M.Ö. VII. yüzyılda yaşamış, Yunan bilgini Hesiod’a göre başlangıçta insanlar, altın döneminde basit ve sade fakat mutlu bir hayat sürüyorlardı. Bu mutlu dönemde henüz mücadele ve harp yoktu. Hiç kimsenin hiç kimseye egemen olmadığı bu dönemde insanlar kendi aralarında tam bir sükûn halinde yaşayarak, tabiatın bütün nimetlerinden beraberce yararlanırlardı. Fakat insanoğlunun en tehlikeli buluşu olan para ve servetin ortaya çıkması, insanların güçlü ve güçsüz diye iki sınıfa ayrılmasına yol açmıştır. Hesiod’a göre, işte bu yüzden altın dönemi yerine yeni bir dönem, bir demir dönemi, kısaca artık bir mücadele ve harp dönemi başlamıştır. Bundan sonra insanlar arasında servet, para ve kudret uğrunda bir mücadele başlıyor, bu suretle aynı zamanda bir tahakküm ve cebir dönemi de gelmiş oluyor. Fakat insanda, her zaman ilk döneme dönme isteği vardır. İnsan, şimdi içinde yaşadığı kötü şartlardan kurtulup ilk mutlu döneme dönebilmek hasretini sürekli olarak içinde taşır.

M.Ö. IV. yüzyılda yaşamış olan başka bir Yunan Filozofu Empedokles, Hesiod’un “Altın Dönemi” düşüncesine aynen katılıp, bu dönemi güzel bir şekilde tasvir etmektedir. Empedokles’e göre, bu dönemde, insanlarla hayvanlar arasında bile düşmanlık yoktu, tabiat bütün canlılara nimetlerini bol miktarda veriyordu.

Bu görüşün tam karşısında felsefe tarihinde ilk defa “atom” nazariyesini esaslı bir şekilde geliştirmiş olan Yunan Kozmolojik dönem filozoflarından Demokritos’u görmekteyiz. O’na göre insanların, diğerlerinin ileri sürdükleri gibi “Altın Dönem”den yani “Mutlu Dönem”den “Demir Dönemi”ne yani “Kargaşa Dönemi”ne geçişi söz konusu değildi. Tersine, insanlar kargaşa döneminden daha olgun dönemlere ulaşırlar. Demokritos’a göre, tarih içinde insanlar medenileştikçe kargaşadan ve güçlüklerden uzaklaşarak daha müreffeh bir hayata ulaşırlar. Bu görüşte egemenlik medenileşmenin bir sonucu oluyor.

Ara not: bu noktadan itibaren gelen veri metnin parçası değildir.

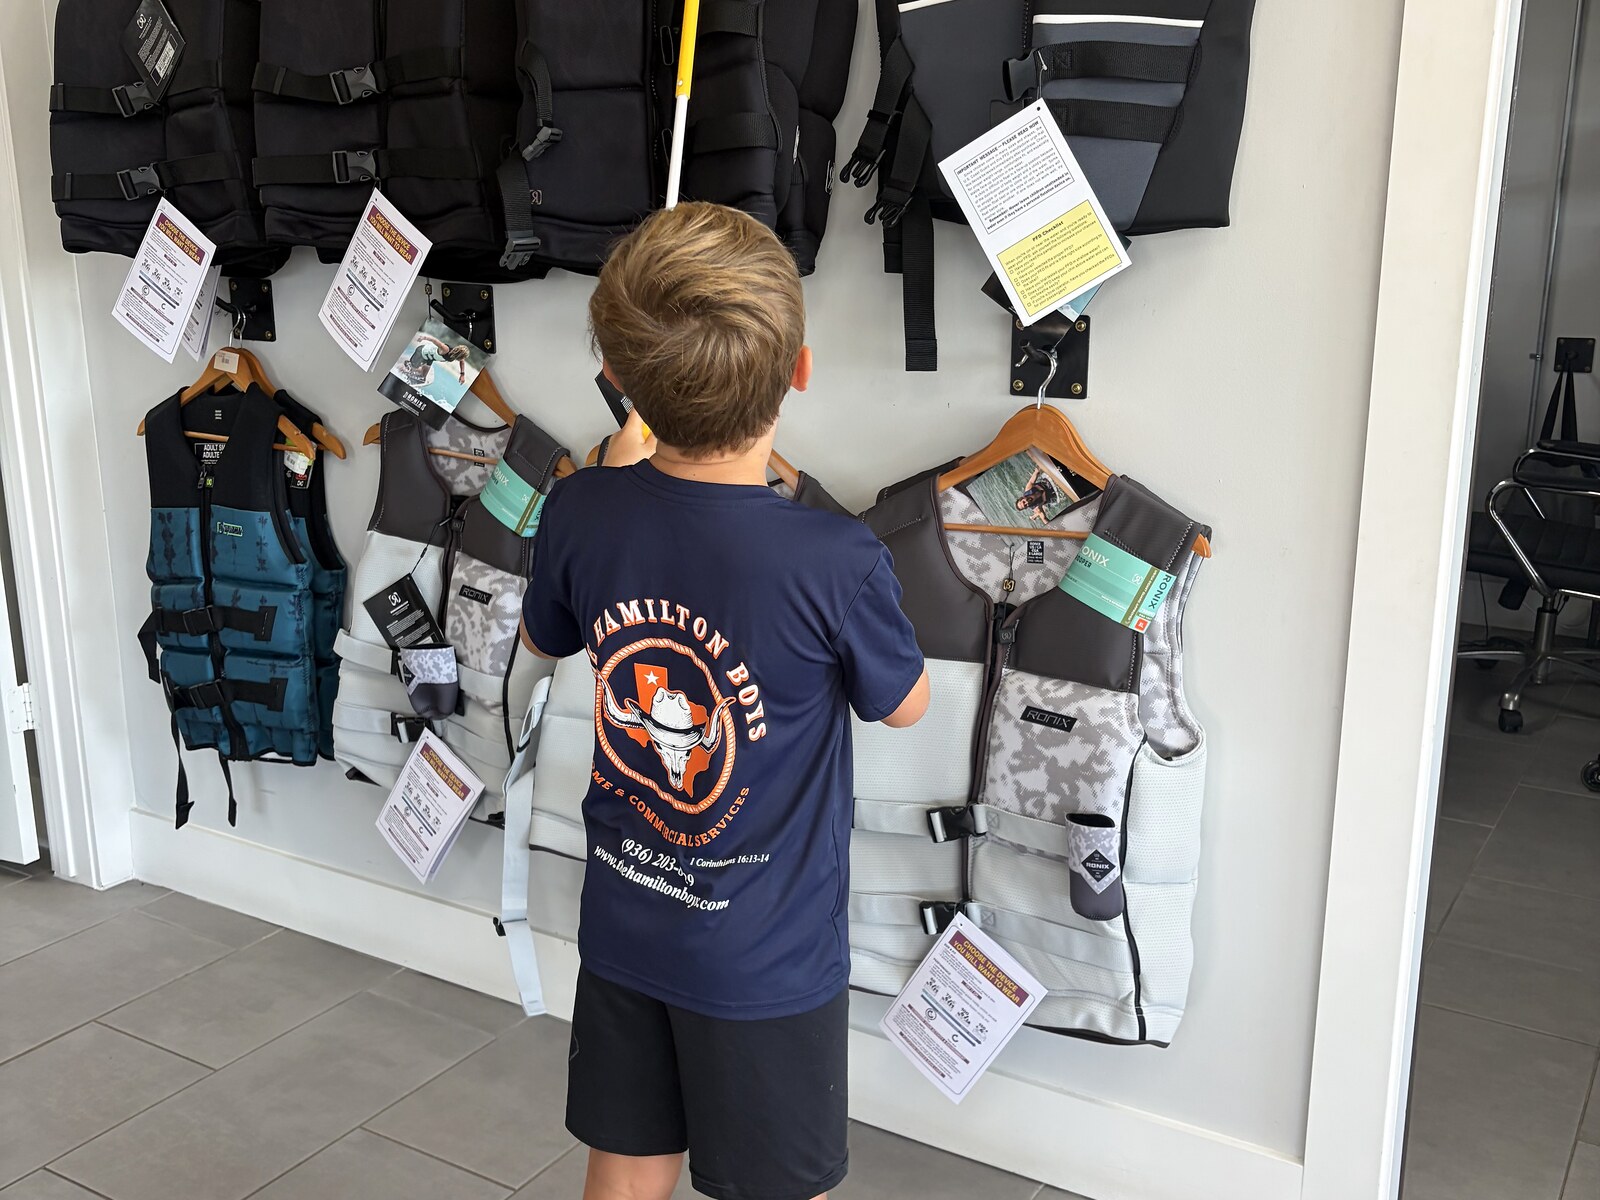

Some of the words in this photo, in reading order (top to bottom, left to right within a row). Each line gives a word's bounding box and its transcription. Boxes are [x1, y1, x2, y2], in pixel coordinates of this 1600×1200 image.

[369, 215, 378, 226] YOU
[376, 222, 385, 234] WILL
[383, 231, 395, 245] WANT
[394, 241, 400, 250] TO
[399, 246, 412, 262] WEAR
[375, 212, 391, 231] CHOOSE
[389, 227, 397, 238] THE
[395, 233, 410, 251] DEVICE
[1042, 220, 1063, 235] Checklist
[494, 468, 509, 486] ONIX
[1080, 546, 1110, 567] ONIX
[462, 588, 488, 602] RONIX
[1148, 574, 1172, 609] RONIX
[594, 599, 730, 660] HAMILTON
[726, 662, 766, 741] BOYS
[1027, 710, 1072, 728] RONIX
[614, 788, 625, 797] &
[695, 787, 749, 847] SERVICES
[622, 838, 653, 864] (936)
[737, 854, 770, 864] 16:13-14
[952, 940, 966, 954] YOU
[964, 951, 979, 966] WILL
[977, 963, 995, 981] WANT
[993, 978, 1004, 989] TO
[1001, 985, 1020, 1004] WEAR
[962, 940, 987, 964] CHOOSE
[985, 960, 998, 974] THE
[996, 970, 1019, 992] DEVICE

Egemenlik kavramı, Platon’un eserlerinde daha değişik bir şekilde anlatılmaktadır. Platon’un “Protagoras” adlı kitabına göre insan, yaradılış bakımından diğer canlılar içinde en zayıf olanıdır. Hayvanlar, tabiata ve düşmanlarına karşı tek başlarına karşı koyup kendilerini koruyabildikleri halde insanlar bundan acizdirler. Hayvanların bir kısmına başlangıçta kuvvet verildiği halde hızlı koşmak için bir imkân verilmemiştir.

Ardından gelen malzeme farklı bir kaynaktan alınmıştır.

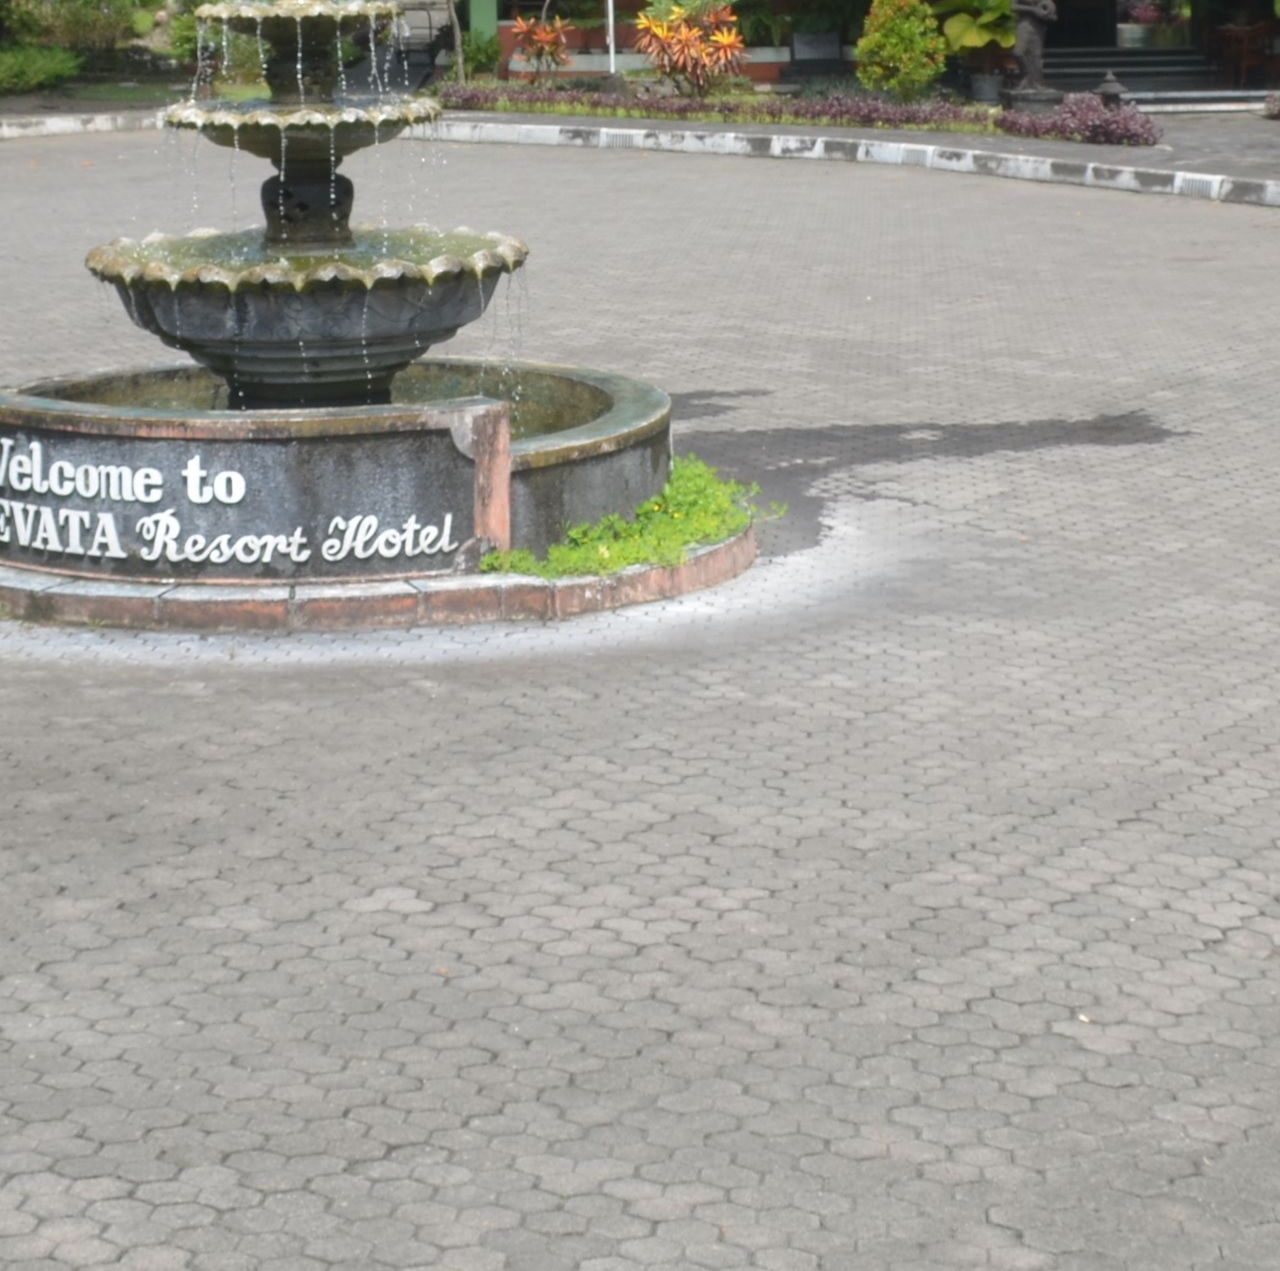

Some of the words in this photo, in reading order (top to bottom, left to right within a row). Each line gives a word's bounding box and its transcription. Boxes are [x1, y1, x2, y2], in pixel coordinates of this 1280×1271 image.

Diğer bir kısmına hızlı koşmak için bir güç veya uçmak için kanat verildiği halde kuvvet verilmemiştir. Bu şekilde bütün hayvanlar arasında bir adalet sağlanmıştır. Kendilerine, tabiata ve düşmanlarına karşı bunun gibi imkânlar verilmiş olan hayvanlar tek başına kendilerini koruyabilirler. Fakat hiçbir insan tek başına tabiata ve düşmanına karşı sürekli olarak kendilerini koruyamaz. Bu güç durumdan kurtulabilmek için, insana çok önemli bir araç verilmiştir, bu da akıldır. İnsanlar akıl sayesinde düşünür, konuşur, sanat yaparlar ve en önemlisi topluluk halinde yaşarlar. Tabiata ve düşmanlarına karşı kendilerini koruyabilmek için adeta sözleşerek bir araya gelmiş olan insanların birbirlerine üstünlükleri söz konusu değildir. Aralarındaki biricik fark her bir insanın kendi kabiliyetine göre cemiyet içinde değişik meslek sahibi olmalarıdır. Bu şekilde bir araya gelmiş olan insan topluluklarında, bir kişinin veya bir zümrenin egemenliğinden bahsedilmez. Böyle bir toplulukta herkes hürdür. Aynı şartlar içinde bir araya geldiklerinden ve birlikte oluşları karşılıklı menfaat dayandığından herkes birbirine eşit ittir. Demokrasinin ilk çekirdeğinin oluşturan bu sözleşmeler nazariyesi tarih boyunca birçok taraftar bulmuştur.

Bu görüşün tam karşısında olan bir başka görüşü yine Platon’un bir eserinde buluyoruz. O, “Devlet” adlı kitabında bir sofiste, insanlara egemen olan duygunun başkalarına hükmetme duygusu olduğunu söylemektedir. Toplumda güçlü, kuvvetli olanlar başkalarına egemen olacaktır, emir verip kendi yararlarına yasalar yapacaklardır. Böylece bir toplumda güçlü olanlar efendi, güçsüz olanlar ise köle olurlar. Diktatörlük anlayışının ilk çekirdeğini oluşturan bu kuvvet nazariyesi, diğer nazariyede olduğu gibi tarih boyunca az da olsa taraftar bulabilmiştir.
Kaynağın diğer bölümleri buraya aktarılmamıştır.